The Bidyadhari River, which flows through the area, has been part of local life since time immemorial. The river was a major navigation route for early civilisations. In the 3rd century BCE, the nearby river port of Chandraketugarh was on the banks of this river. There are still signs of that era, and efforts are on near Berachampa to find more evidence of a lost civilization, possibly Mauryan. The source of the river is near Haringhata in Nadia. Later it meets the Raimangal at the confluence of Sundarbans.

Near Berachampa, there is the archeological site of Chandraketugarh, thought to be a part of the ancient kingdom Gangaridai that was first described by Ptolemy. The history of Chandraketugarh dates back to almost the 3rd century BCE, during the pre-Mauryan era.
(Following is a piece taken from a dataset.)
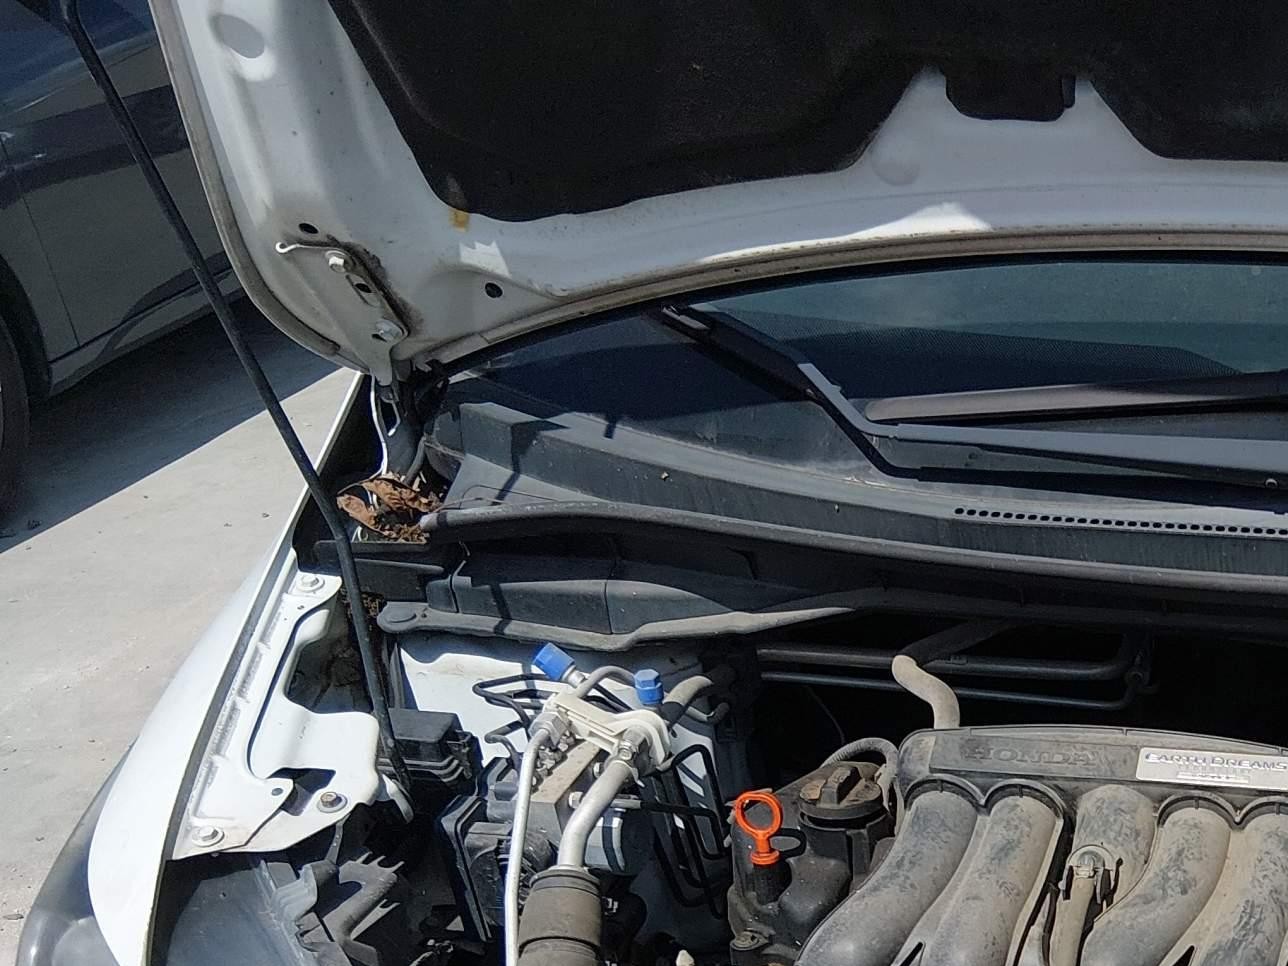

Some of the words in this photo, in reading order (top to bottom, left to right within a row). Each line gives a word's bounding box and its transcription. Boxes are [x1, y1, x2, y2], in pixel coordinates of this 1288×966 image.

Artefacts suggest that the site was continuously inhabited and flourished through the Shunga-Kushana period, onwards through the Gupta period and finally into the Pala-Sena period. Archaeological studies suggest that Chandraketugarh was an important town and a port city. It had a high encircling wall complete with a rampart and moat. The residents were involved in various crafts and mercantile activities. Although the religious inclinations of the people are unclear, hints of the beginning of some future cults can be seen in the artefacts. Some of the potteries carry inscriptions in Kharoshthi and Brahmi scripts.

| Period | Dynasty | Year |
|---|---|---|
| Period I | Maurya | 300–200 BCE |
| Period III | Shunga | 200 BCE – 50 CE |
| Period IV | Kushan | 50–300 CE |
| Period V | Gupta | 300–500 CE |
| Period VI | Post-Gupta | 500–750 CE |
| Period VII | Pala-Chandra-Sena | 750–1250 CE |

After these periods, there was no such example of any other civilization on the ruin of Chandraketugarh. Anyway, the history of Berachampa was same as the History of Bengal. The Deva dynasty, Ilyas Shahi dynasty, Ganesha dynasty and Hussain Shahi dynasty ruled this region finally before Mughal period started.
After these periods, there was no such example of any other civilization on the ruin of Chandraketugarh. Anyway, the history of Berachampa was same as the History of Bengal. The Deva dynasty, Ilyas Shahi dynasty, Ganesha dynasty and Hussain Shahi dynasty ruled this region finally before Mughal period started.

After the Battle of Plassey, the region came under British control and was a part of British India Bengal Presidency until India got its independence in 1947. The area was heavily used in the initial days of British occupancy for Indigo farming as the area is known to be full of highly fertile farming lands.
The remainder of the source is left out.